Loading...

XML

Word

Printable

Details

Type: Bug
Resolution: Fixed
Priority: Critical
Fix Version/s: 7.1.0
Affects Version/s: 7.0.0
Component/s: ns_server
Labels:
- request-dev-verify

Triage:
Untriaged
Story Points:
1
Is this a Regression?:
Unknown

Description

I'm filing this as a bug as currently my thinking it's something that needs to be fixed, but this can also be considered some kind of improvement.

In any case, I hit the issue this ticket describes when I was running some tests that created and dropped scopes and collections in quick succession.

I tried to create bucket c_0 on scope s1 in bucket b_3487 and it failed stating that c_0 already exists:

[ns_server:debug,2021-08-19T11:51:57.149-07:00,n_2@127.0.0.1:collections<0.823.0>:collections:do_update:284]Performing operation {create_collection,"s1","c_0",[]} on bucket "b_3487"

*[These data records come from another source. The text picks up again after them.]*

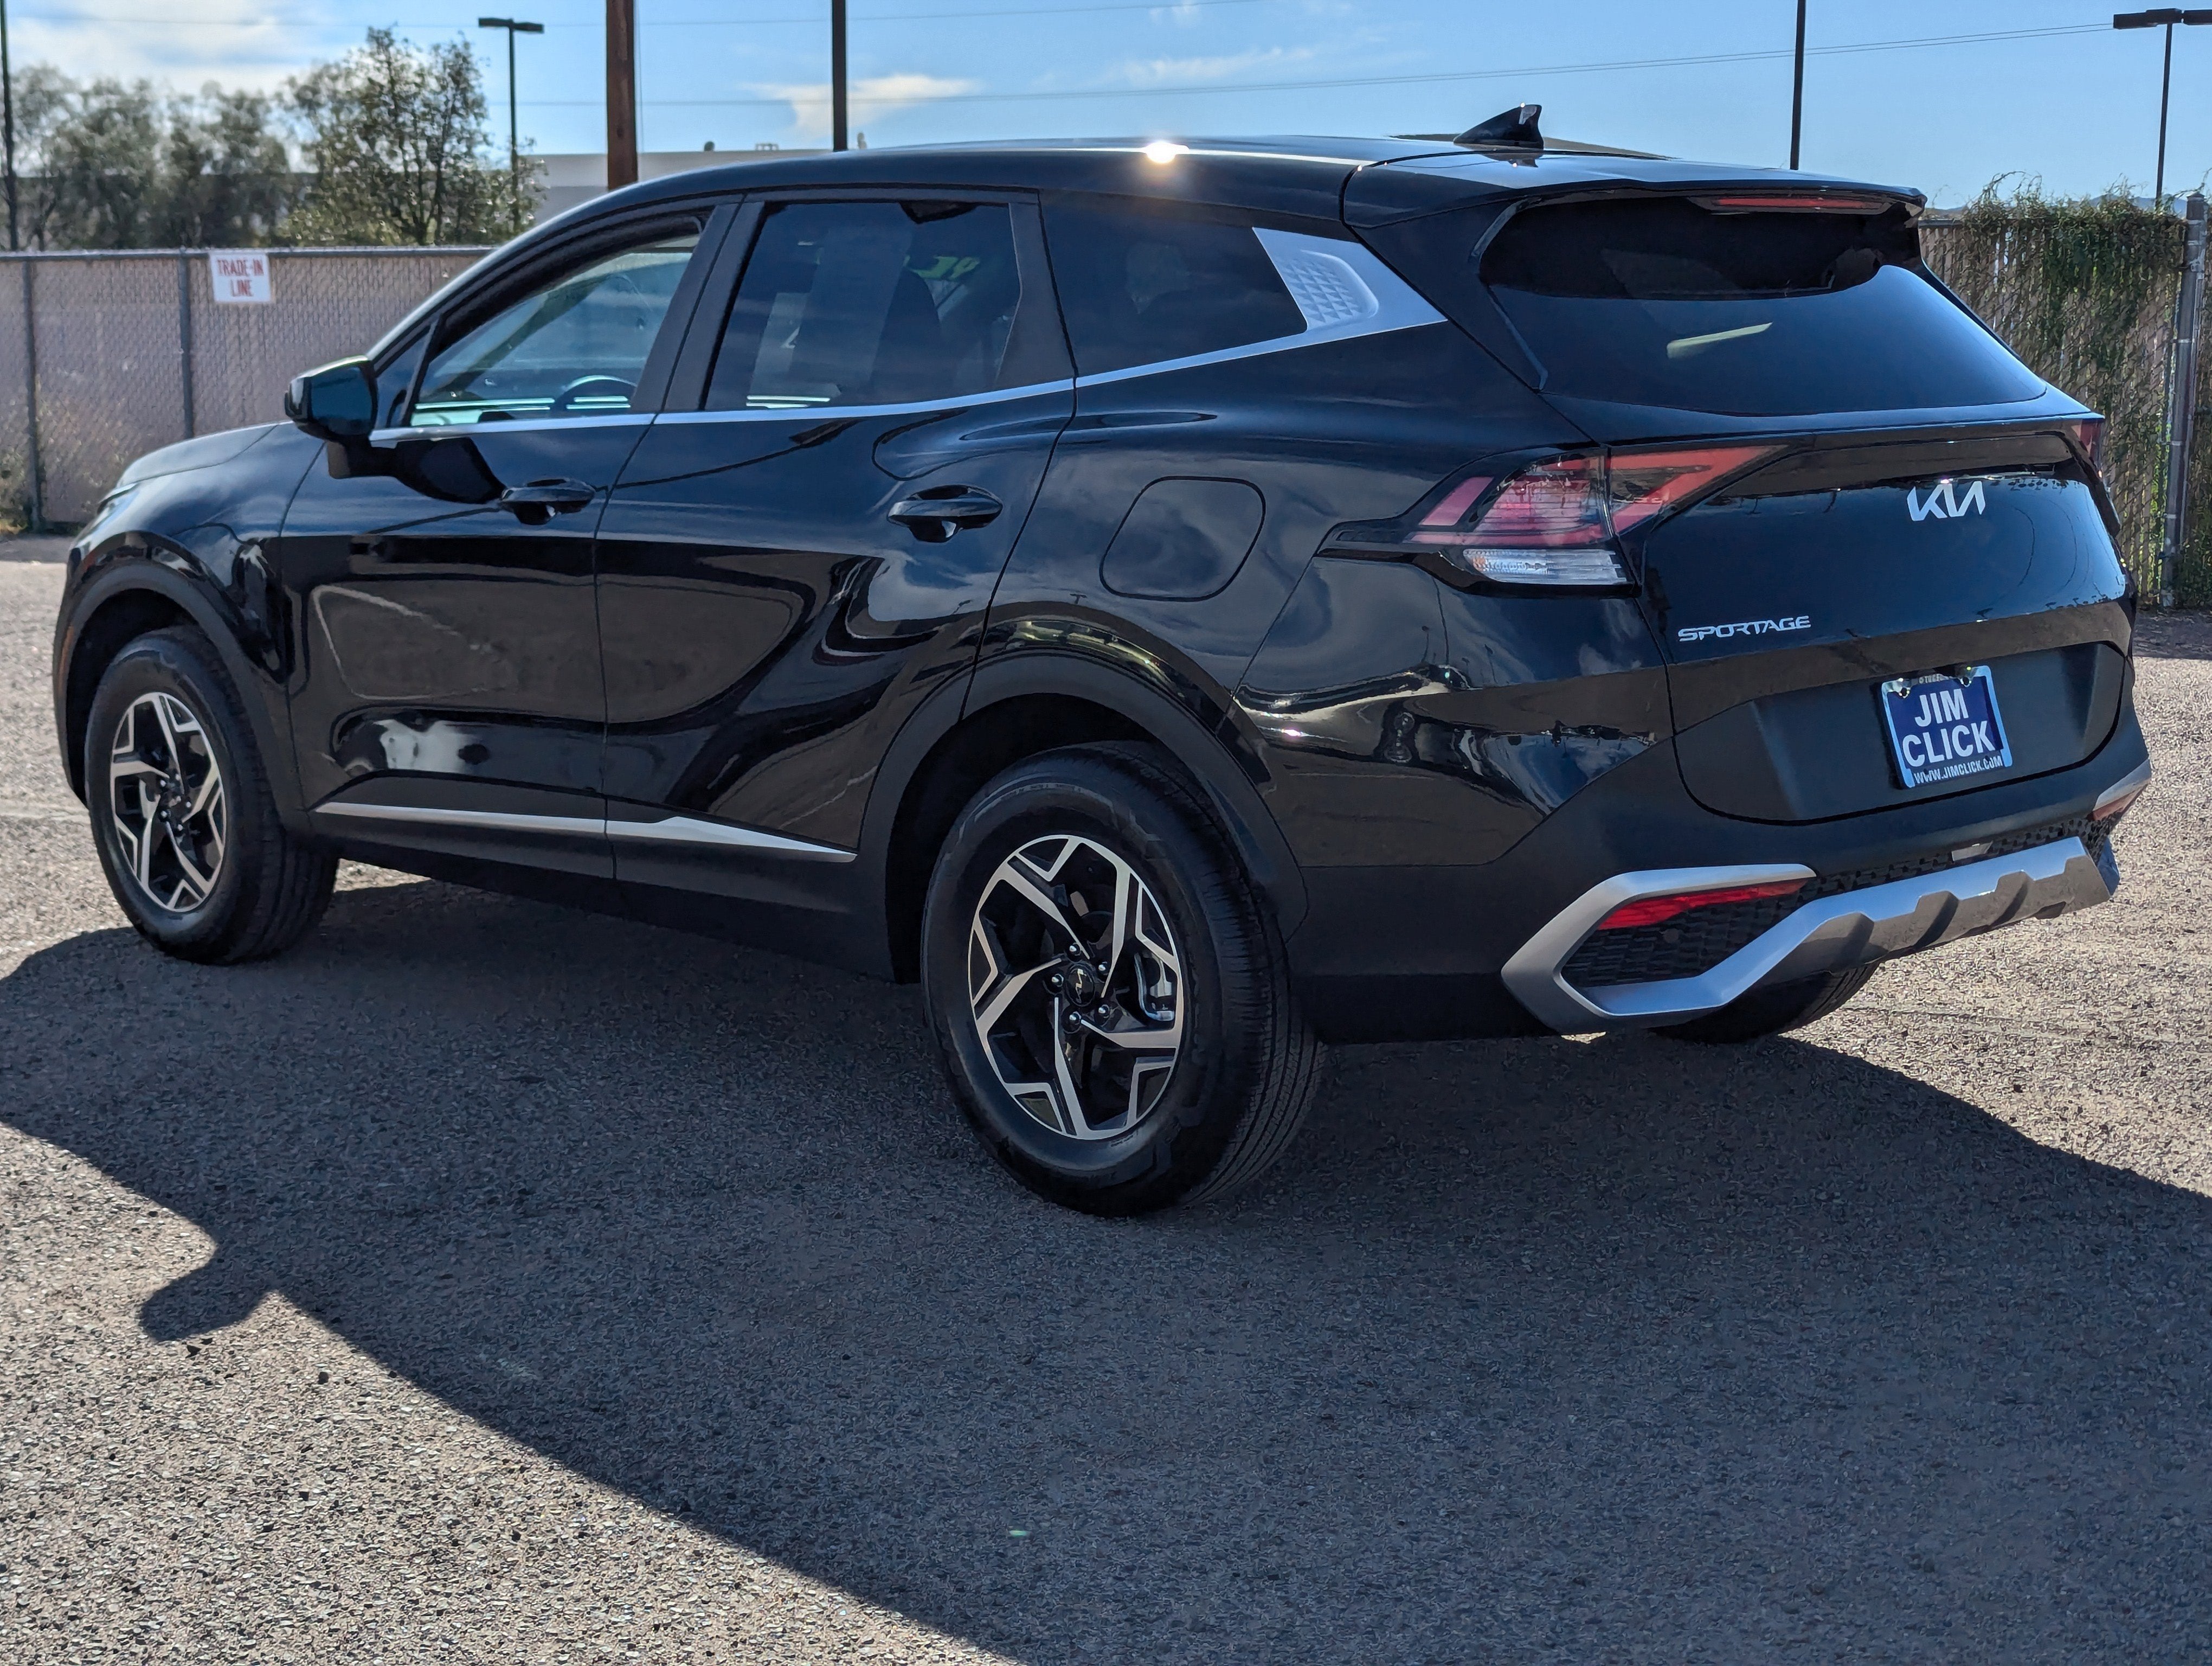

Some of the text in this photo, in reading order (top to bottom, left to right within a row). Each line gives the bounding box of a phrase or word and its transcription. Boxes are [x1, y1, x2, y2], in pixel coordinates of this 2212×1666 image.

[217, 259, 264, 277] TRADE-IN
[230, 279, 253, 297] LINE
[1907, 480, 1985, 521] KIA
[1678, 616, 1811, 642] SPORTAGE
[1914, 688, 1969, 727] JIM
[1902, 720, 1996, 767] CLICK
[1914, 755, 2003, 784] WWW.JIMCLICK.COM
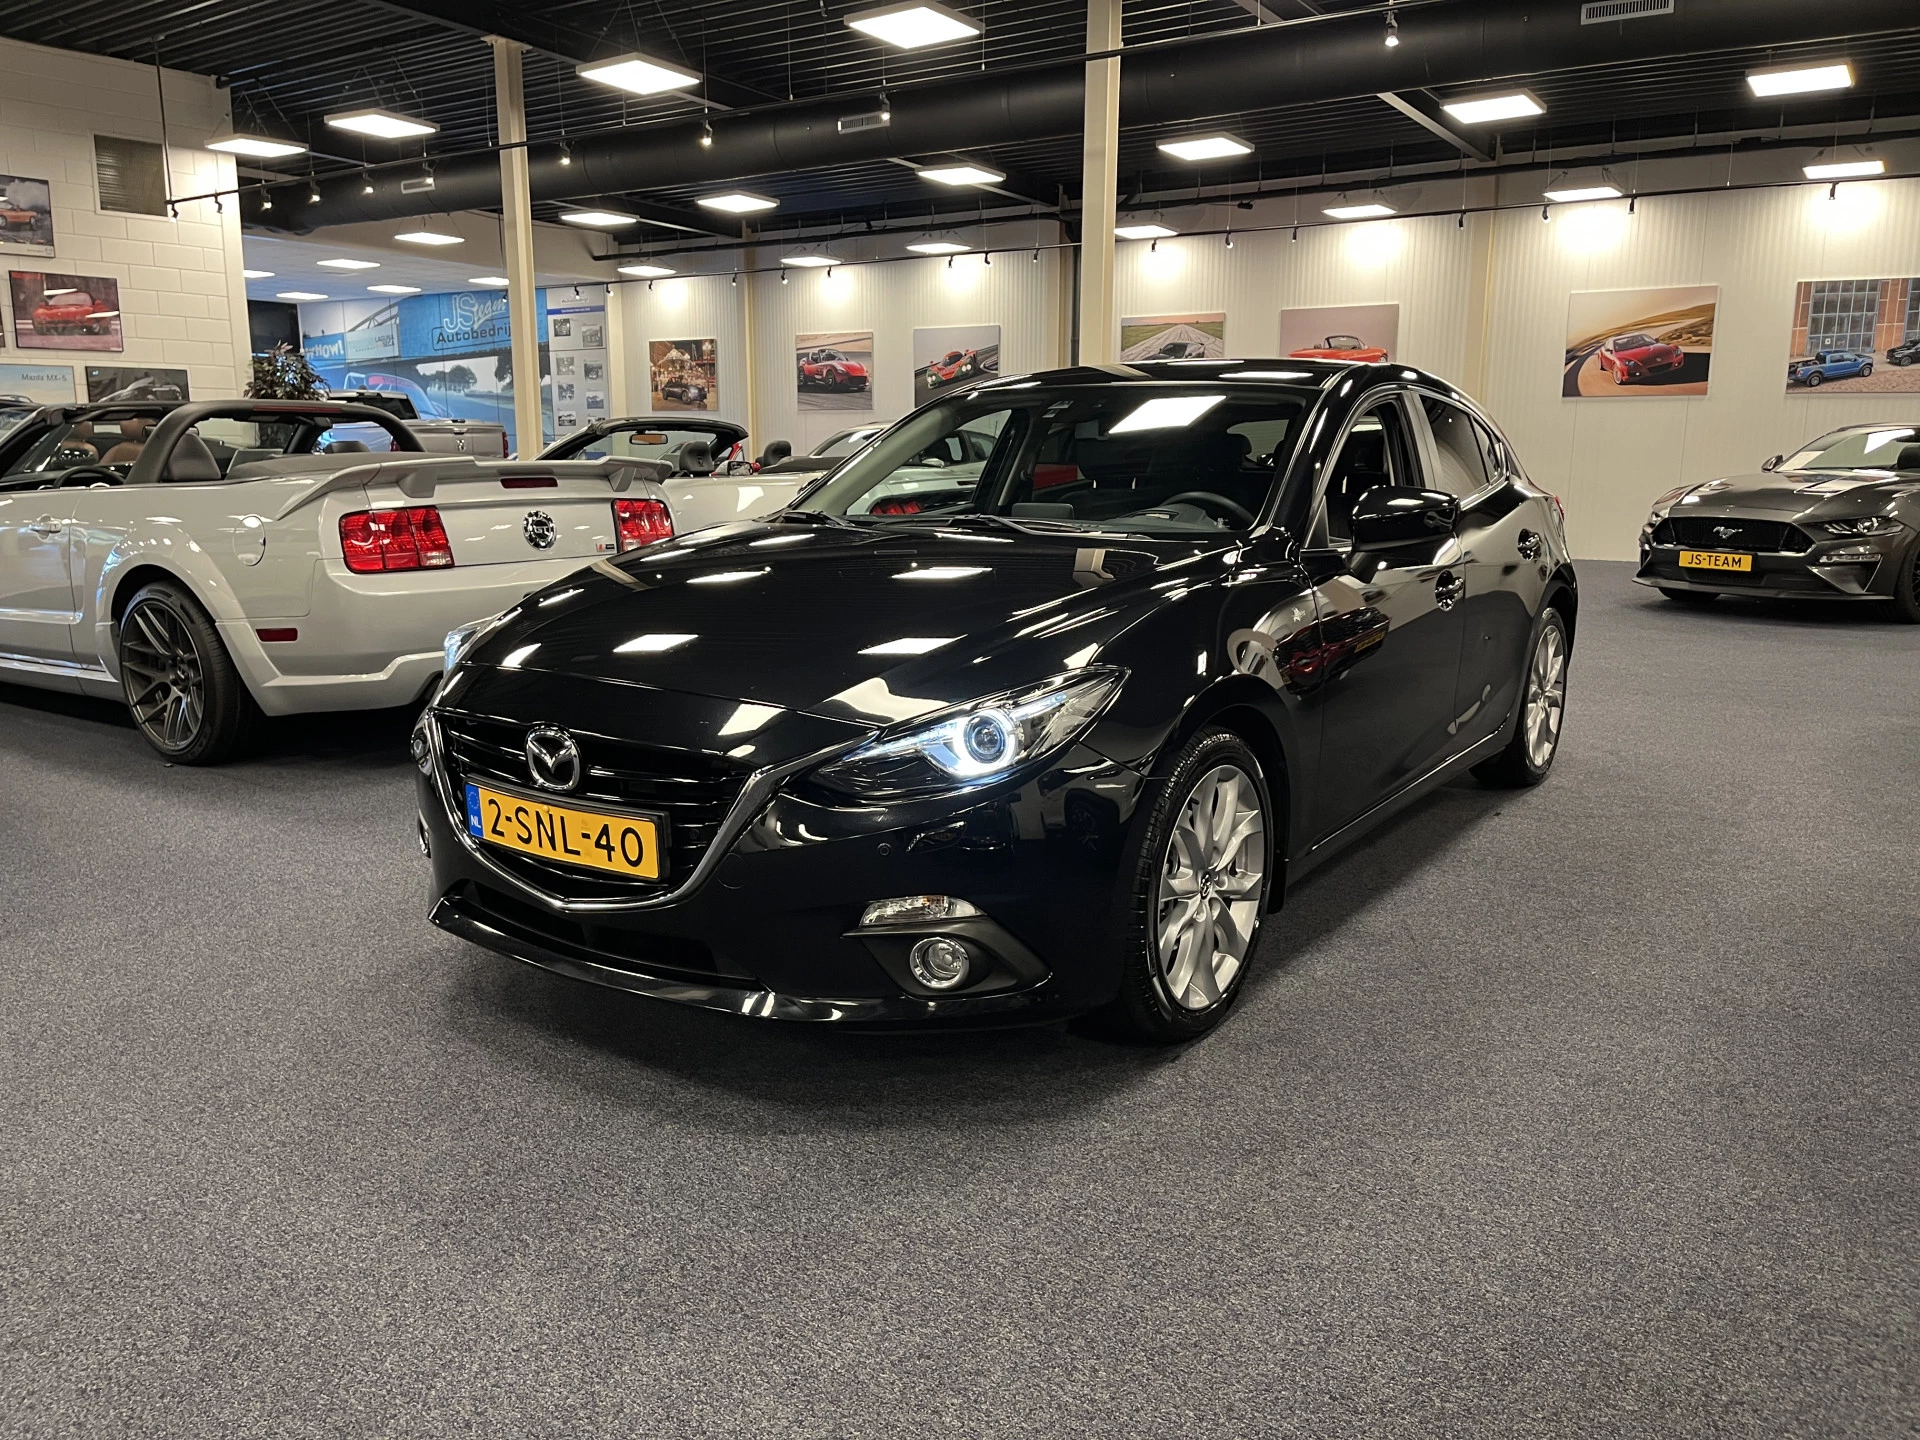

[ns_server:debug,2021-08-19T11:51:57.149-07:00,n_2@127.0.0.1:kv<0.248.0>:collections:do_update_with_manifest:326]Perform operation {create_collection,"s1","c_0",[]} on manifest 34 of bucket "b_3487"

...

[ns_server:debug,2021-08-19T11:51:57.149-07:00,n_2@127.0.0.1:kv<0.248.0>:collections:perform_operations:367]Operation {create_collection,"s1","c_0",[]} failed with error {collection_already_exists,

                                                               "s1","c_0"}

You can see it's operating on manifest 34.

However, collection c_0 was dropped from the manifest a 90 milliseconds earlier on n_1. (Note that these nodes are all running on the same machine so the timestamps are pretty comparable.)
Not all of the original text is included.